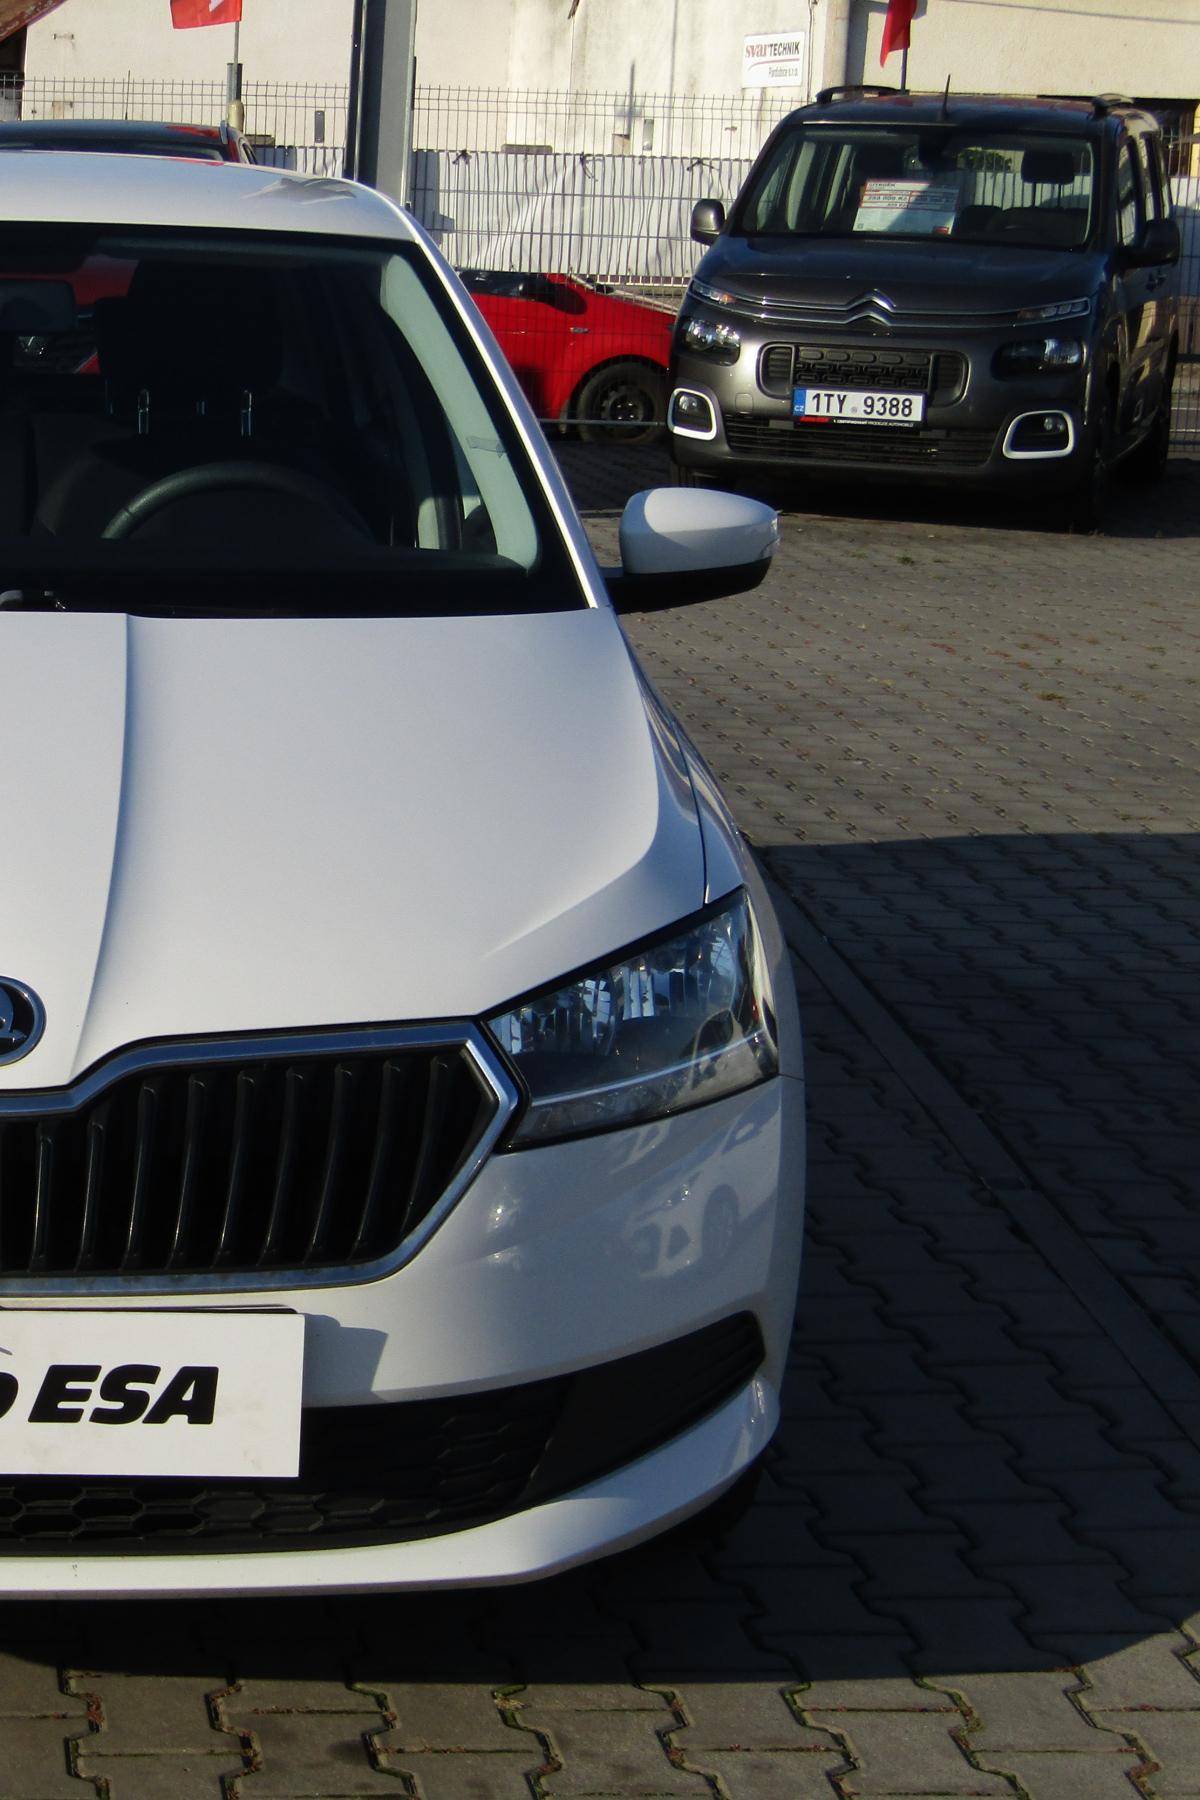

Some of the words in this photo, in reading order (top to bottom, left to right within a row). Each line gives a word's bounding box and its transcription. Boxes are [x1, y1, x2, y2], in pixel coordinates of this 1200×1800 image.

[793, 404, 805, 412] CZ
[811, 392, 847, 414] 1TY
[862, 395, 913, 417] 9388
[27, 1364, 219, 1425] ESA

* _Try it_:
In full and without error, repeat the listing above, omitting its images.

* _Final answer_:
Some of the words in this photo, in reading order (top to bottom, left to right within a row). Each line gives a word's bounding box and its transcription. Boxes are [x1, y1, x2, y2], in pixel coordinates of this 1200×1800 image.

[793, 404, 805, 412] CZ
[811, 392, 847, 414] 1TY
[862, 395, 913, 417] 9388
[27, 1364, 219, 1425] ESA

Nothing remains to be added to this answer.